Robust multilingual multimodal pre-training requires access to sizable and high-quality multimodal corpora in many languages. However, such datasets are overwhelmingly English-centric. A prevailing strategy is to use machine translation (MT) to convert large English image–caption or video–subtitle datasets into multiple target languages. The Translated Data for Multilingual Multimodal Learning (TD-MML) pipeline, for instance, machine-translates Conceptual Captions into 19 languages using M2M-100, then filters low-quality outputs with metrics such as the complement of the token-to-type ratio and source–target BLEU. Thresholding on these metrics typically preserves ≈95% of translations for high-resource languages (e.g., German, French), but only ≈55–85% for typologically distant, low-resource languages (e.g., Tamil, Japanese) (Qiu et al., 2022).
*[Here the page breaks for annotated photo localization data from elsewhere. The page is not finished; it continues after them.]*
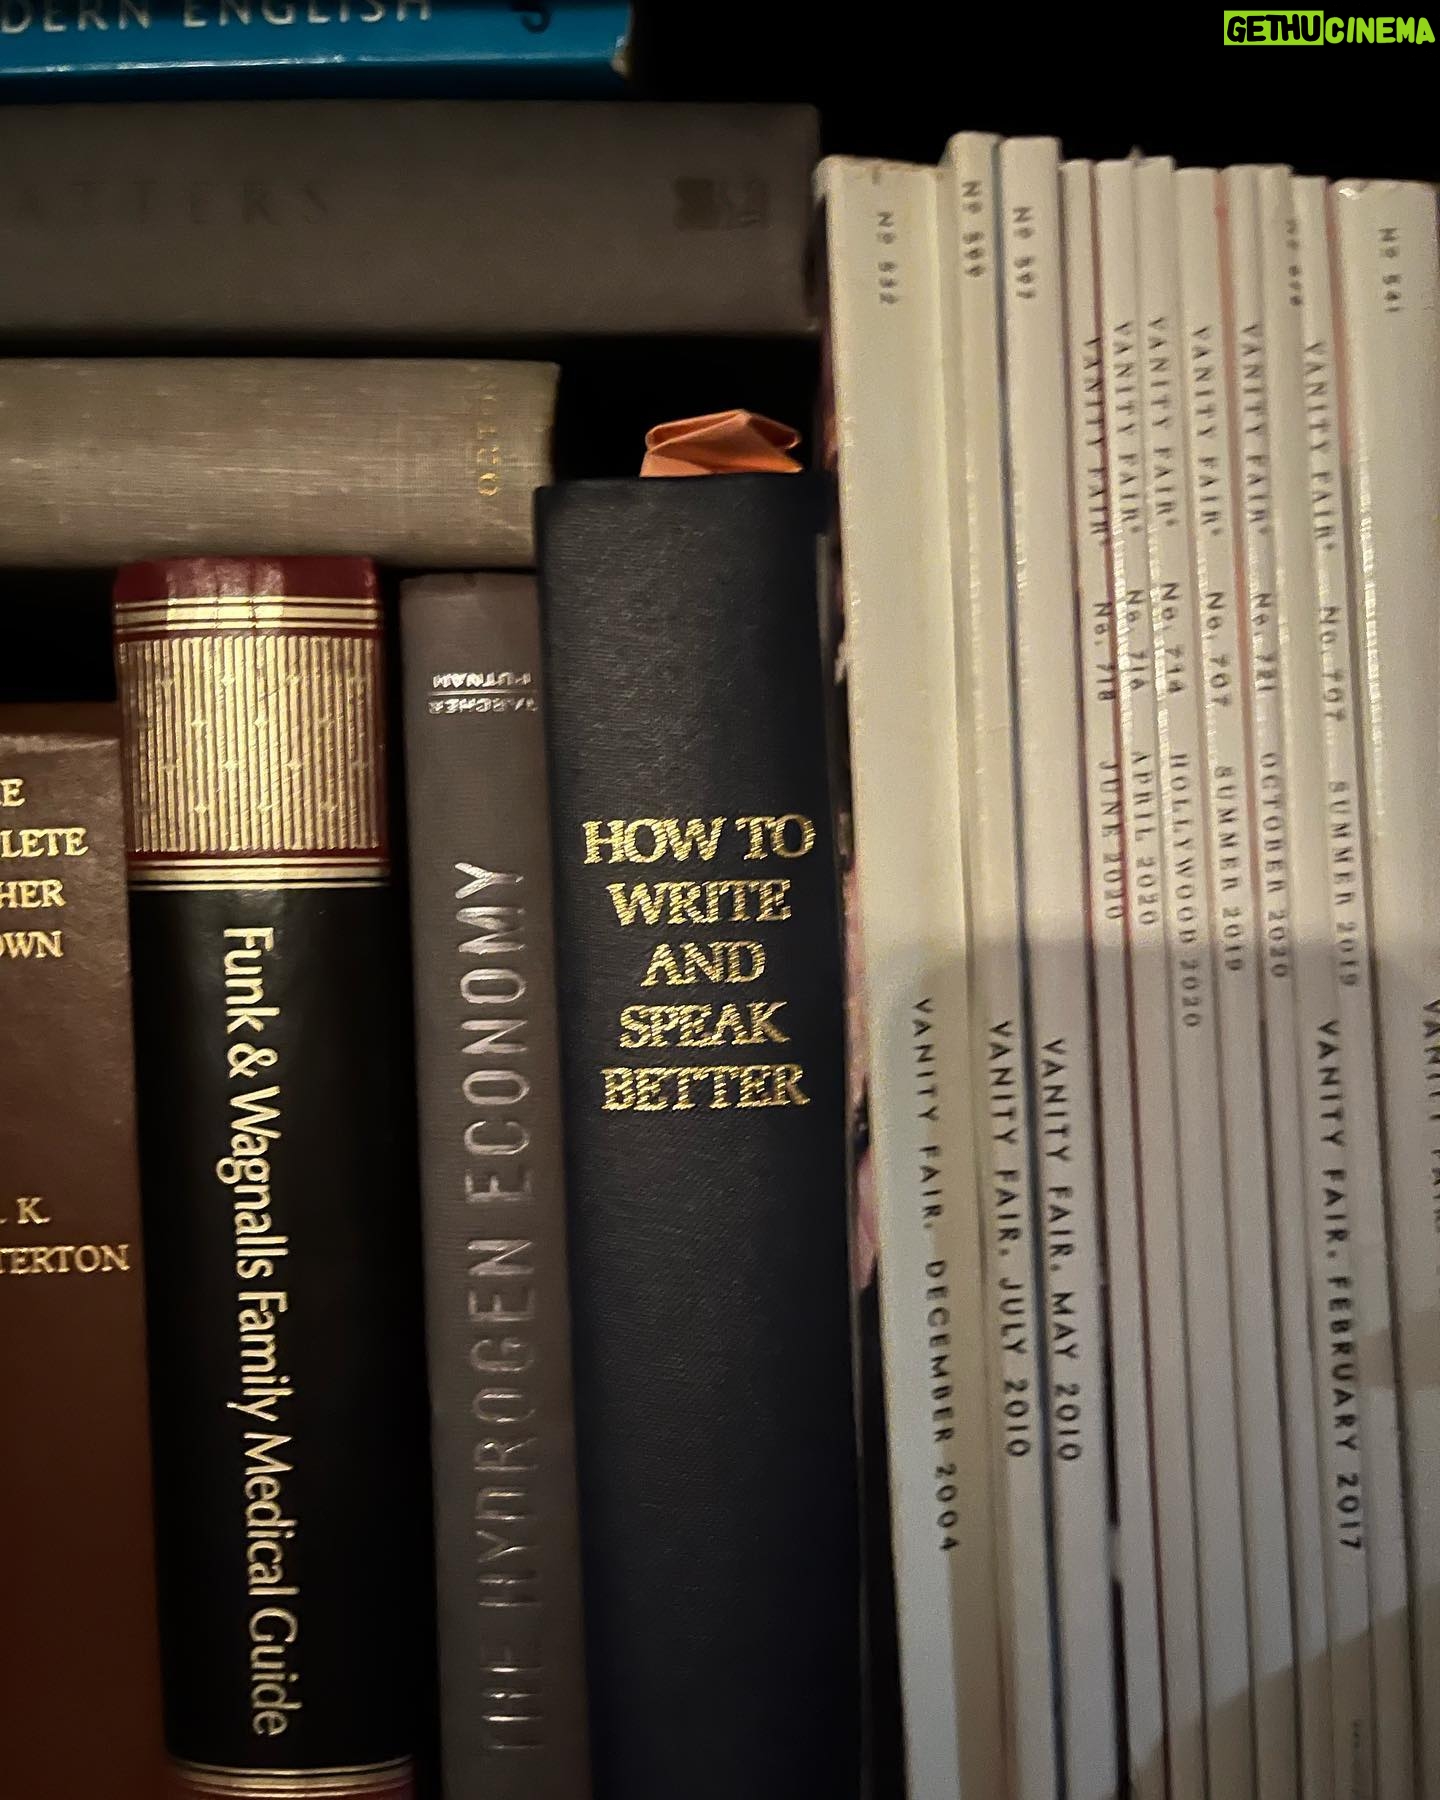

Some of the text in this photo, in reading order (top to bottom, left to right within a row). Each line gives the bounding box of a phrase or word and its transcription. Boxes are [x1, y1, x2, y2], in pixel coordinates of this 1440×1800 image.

[182, 0, 432, 27] ENGLISH
[1083, 337, 1106, 446] VANITY
[1113, 321, 1135, 435] VANITY
[1148, 317, 1171, 430] VANITY
[1192, 326, 1216, 436] VANITY
[1242, 324, 1265, 435] VANITY
[1303, 341, 1329, 451] VANITY
[582, 813, 816, 865] HOW TO
[1098, 760, 1122, 838] JUNE
[1131, 751, 1156, 842] APRIL
[1214, 766, 1240, 892] SUMMER
[1260, 752, 1285, 893] OCTOBER
[1103, 852, 1125, 920] 2020
[1170, 753, 1197, 944] HOLLYWOOD
[1328, 780, 1355, 905] SUMMER
[605, 878, 793, 927] WRITE
[1136, 856, 1158, 925] 2020
[0, 930, 65, 960] WN
[640, 940, 767, 988] AND
[1222, 906, 1243, 971] 2019
[1268, 910, 1289, 978] 2020
[1336, 920, 1359, 986] 2019
[455, 860, 536, 1204] ECONOMY
[619, 1001, 793, 1049] SPEAK
[1180, 959, 1202, 1027] 2020
[601, 1063, 811, 1112] BETTER
[912, 997, 939, 1122] VANITY
[988, 1020, 1019, 1145] VANITY
[1040, 1037, 1073, 1163] VANITY
[1316, 1019, 1347, 1147] VANITY
[216, 926, 303, 1737] Funk & Wagnalls Family Medical Guide
[925, 1259, 955, 1444] DECEMBER
[999, 1276, 1027, 1355] JULY
[1051, 1290, 1081, 1360] MAY
[1327, 1275, 1359, 1451] FEBRUARY
[467, 1238, 540, 1609] HYDROGEN
[1004, 1377, 1031, 1457] 2010
[1054, 1382, 1083, 1462] 2010
[935, 1463, 961, 1551] 2004
[1336, 1472, 1362, 1550] 2017
Massive web crawls serve as the foundation for current practice, with language detection used to track linguistic diversity. The inclusion of translated non-English data and deliberate balancing (e.g., by mining and post-editing image–text pairs in Chinese and English for BM-6B) is shown to provide semantically richer and culturally diverse corpora (Guo et al., 2024, Nguyen et al., 2024). Further, translation augmentations coupled with re-filtering (by cosine similarity between visual/text representations) improve robustness and image-text alignment in downstream tasks (Nguyen et al., 2024). In bilingual and multilingual LMMs (large multimodal models), controlled vocabulary expansion and targeted pretraining phases further facilitate cross-script and cross-language support (Shin et al., 2024).

State-of-the-art architectures for multilingual, multimodal pre-training typically follow either a single-stream or dual-encoder approach. In the single-stream framework, visual and textual regions are fused at the input of a unified Transformer backbone initialized from a multilingual model (e.g., XLM-R), as instantiated in TD-MML and UC² (Qiu et al., 2022, Zhou et al., 2021). Multilingual tokenization (SentencePiece with 77k–250k subword units) allows unified modeling across scripts and languages (Ni et al., 2020, Zhou et al., 2021).
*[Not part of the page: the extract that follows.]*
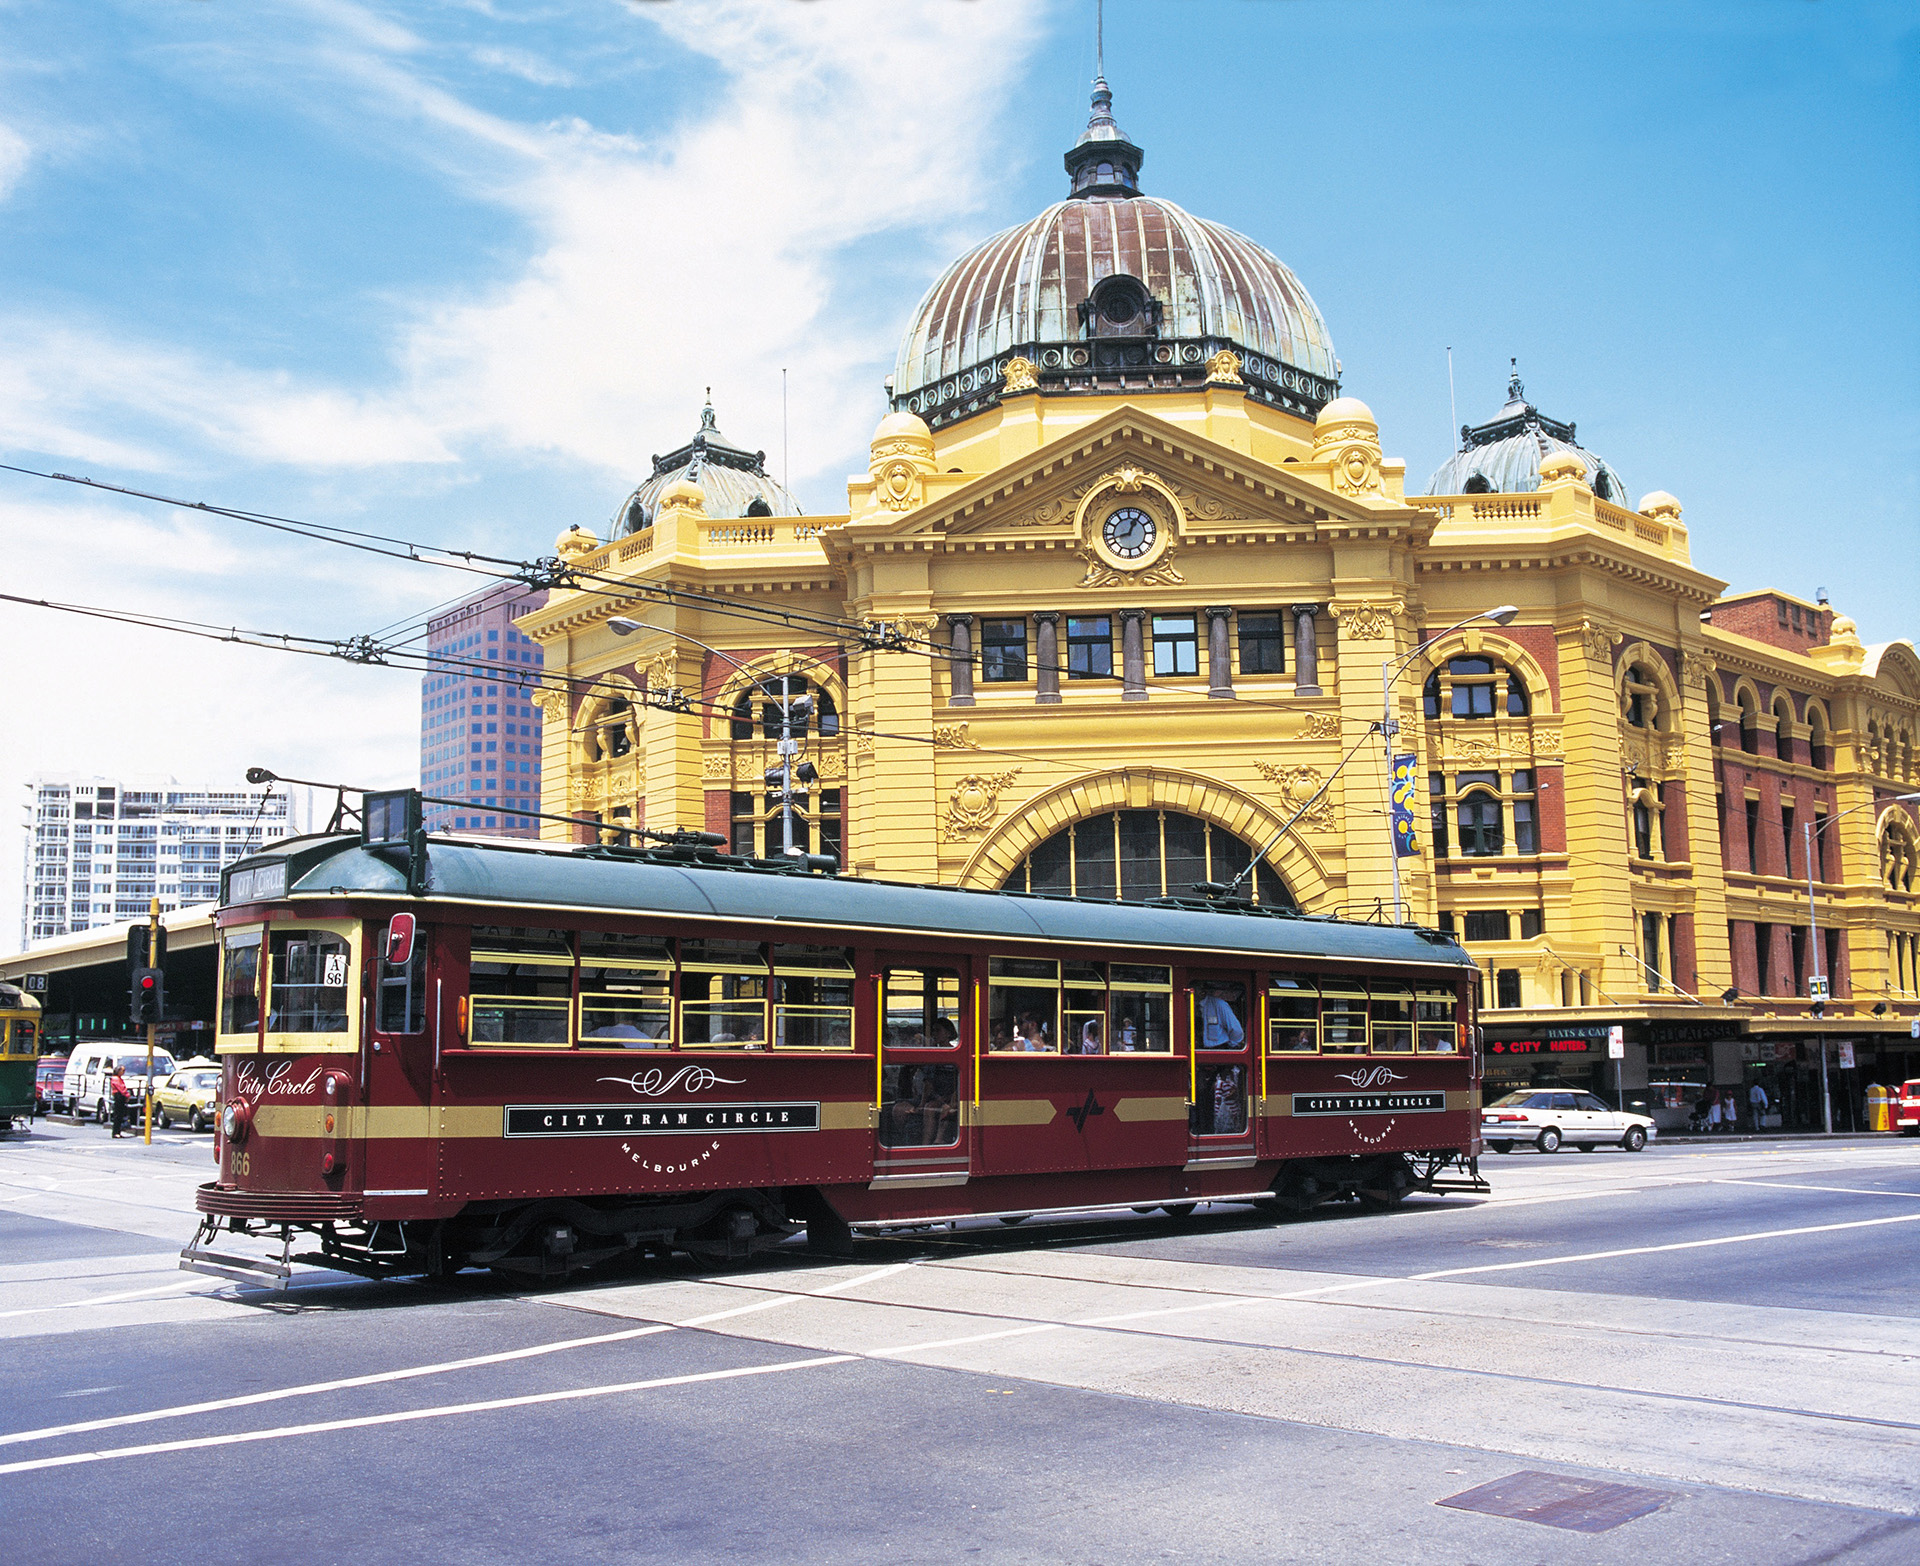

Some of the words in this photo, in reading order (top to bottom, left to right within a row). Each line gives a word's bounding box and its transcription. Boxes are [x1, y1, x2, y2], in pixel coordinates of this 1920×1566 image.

MAGNETO, as used in M²-Encoder, scales patch-based ViT encoders to multilingual image–text pairs, introducing shared cross-modal “VL” fusion layers for fine-grained alignment (Guo et al., 2024). Bimodal models such as CLASP leverage modality-specific encoders (e.g., frozen LaBSE/XLM-R for language; HuBERT or Wav2Vec2 plus spectrogram backbones for audio) and fuse via late or learnable gating mechanisms (Abootorabi et al., 2024).

For document and visually-rich information, LayoutXLM stacks spatial, textual, and visual embeddings within a single multilingual Transformer, augmented by spatial-aware self-attention to exploit layout (Xu et al., 2021). Lightweight plug-in adapters (“language acquisition modules”) that add <4 MB per language enable parameter-efficient expansion to new languages while the vision/text backbones remain frozen (Zhang et al., 2022). In generative multilingual LMMs, vocabulary expansion, language-specific pretraining, and instruction tuning are effective for scaling to script-diverse, multimodal prompt–response tasks (Shin et al., 2024).
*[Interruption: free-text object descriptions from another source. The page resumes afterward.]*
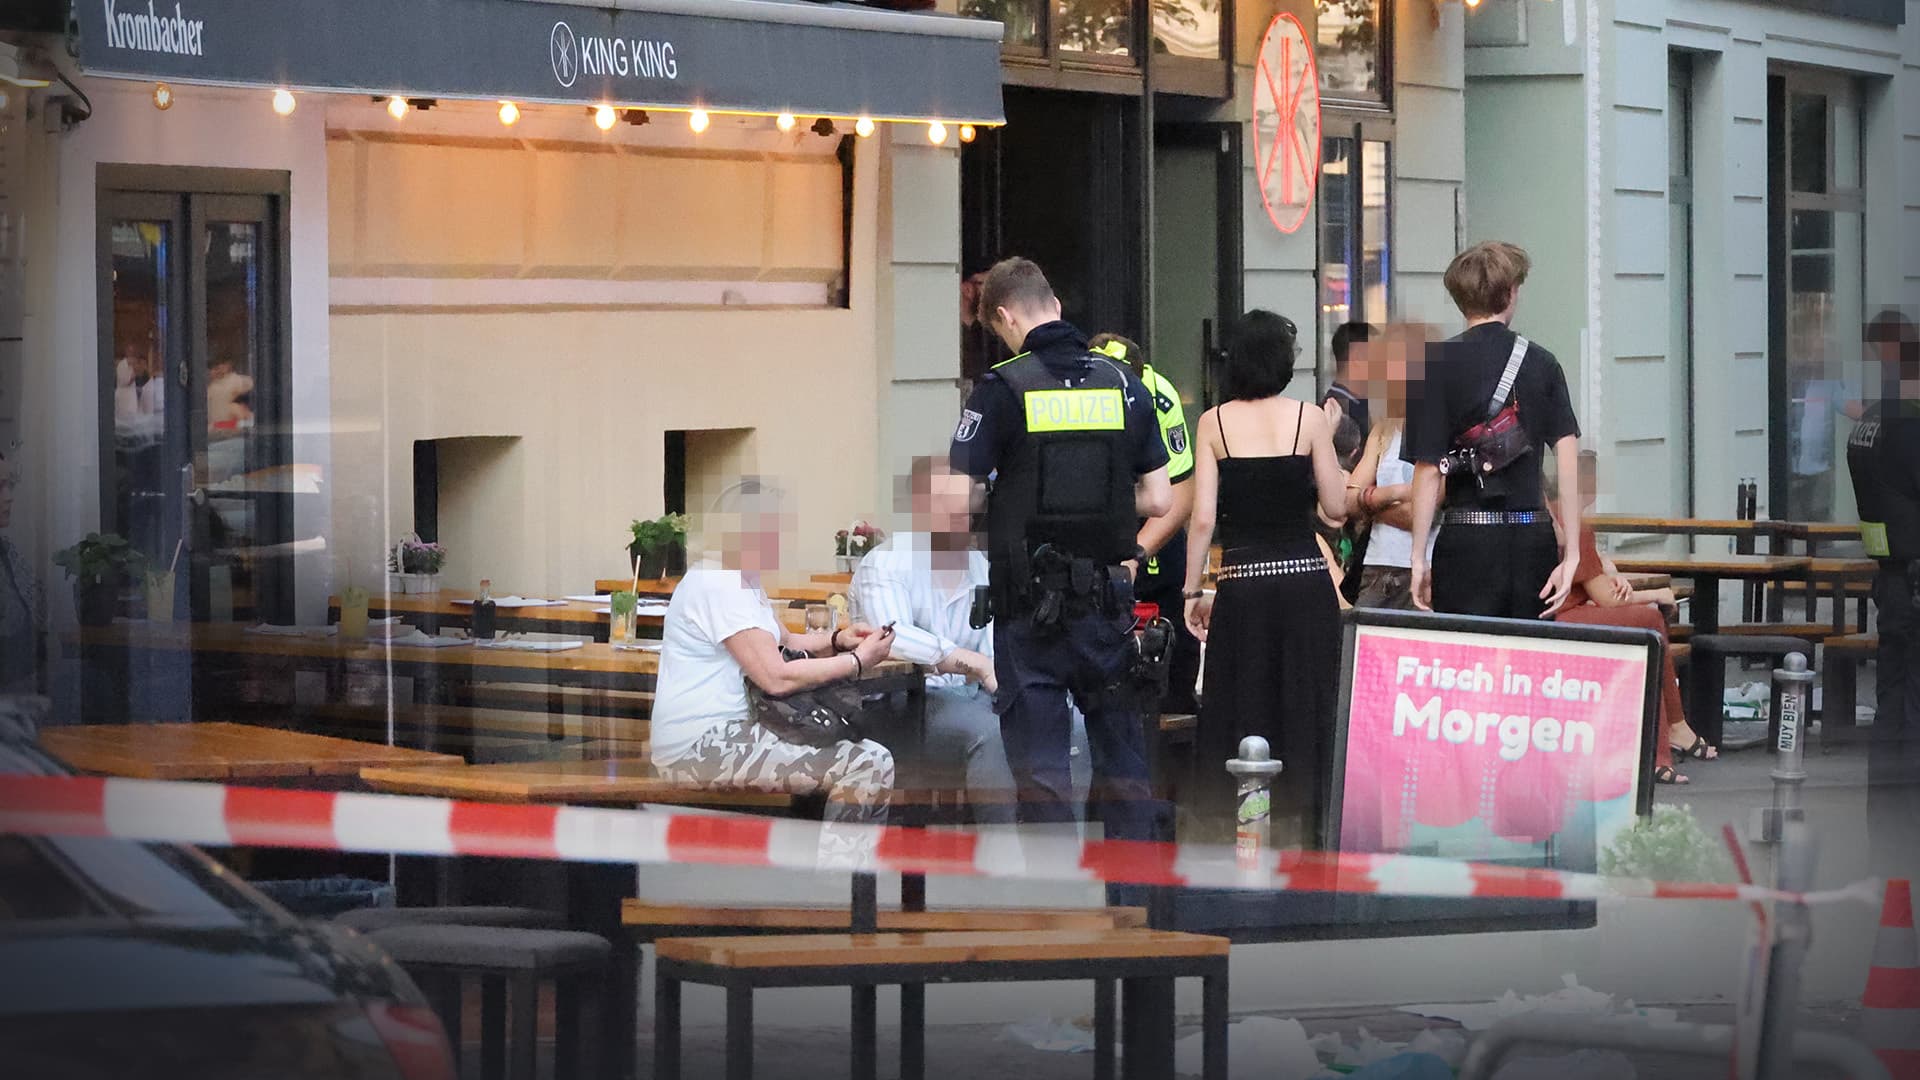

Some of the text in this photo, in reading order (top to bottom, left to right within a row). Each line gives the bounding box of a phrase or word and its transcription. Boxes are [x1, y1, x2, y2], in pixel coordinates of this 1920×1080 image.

[104, 0, 203, 56] Krombacher
[581, 37, 677, 79] KING KING
[1031, 396, 1120, 424] POLIZEI
[1396, 656, 1602, 702] Frisch in den
[1393, 692, 1595, 761] Morgen
[1780, 694, 1798, 750] MUY BIEN
3. Unified Losses and Multilingual Multimodal Objectives

Multilingual multimodal pre-training interleaves multiple objectives to jointly align vision and language across linguistic boundaries. Canonical objectives include:

Masked Language Modeling (MLM): Mask k% of tokens, predict from multimodal context, applied over multilingual corpora (Qiu et al., 2022, Zhou et al., 2021).
Masked (Visual) Region Modeling (MRM/MRTM/CMIM): Mask k% of image regions or patches, predict object classes or reconstruct features, supporting fine-grained visual grounding (Qiu et al., 2022, Zhou et al., 2021, Guo et al., 2024).
Image–Text Matching (ITM): Discriminate true (image, caption) pairs from negatives, usually via a sigmoid or InfoNCE loss (Qiu et al., 2022, Zhou et al., 2021).
Visual Translation Language Modeling (VTLM): Simultaneously mask and reconstruct token spans in parallel captions (ENG, L), reconstruct both leveraging vision, which is critical for cross-lingual alignment (Qiu et al., 2022, Zhou et al., 2021).
Multimodal Code-switched Training (MCT): Random substitution of non-English tokens into English captions, requiring the model to perform cross-modal, cross-lingual alignment (Ni et al., 2020).
Cross-modal Contrastive Loss (InfoNCE): Align pairs of (visual, text/audio) embeddings and repel mismatches, crucial in dual-encoder and retrieval-based pipelines (Guo et al., 2024, Abootorabi et al., 2024, Nguyen et al., 2024).
Auxiliary multimodal generative and matching tasks for document or sequence generation, as in CLIPTrans (Gupta et al., 2023).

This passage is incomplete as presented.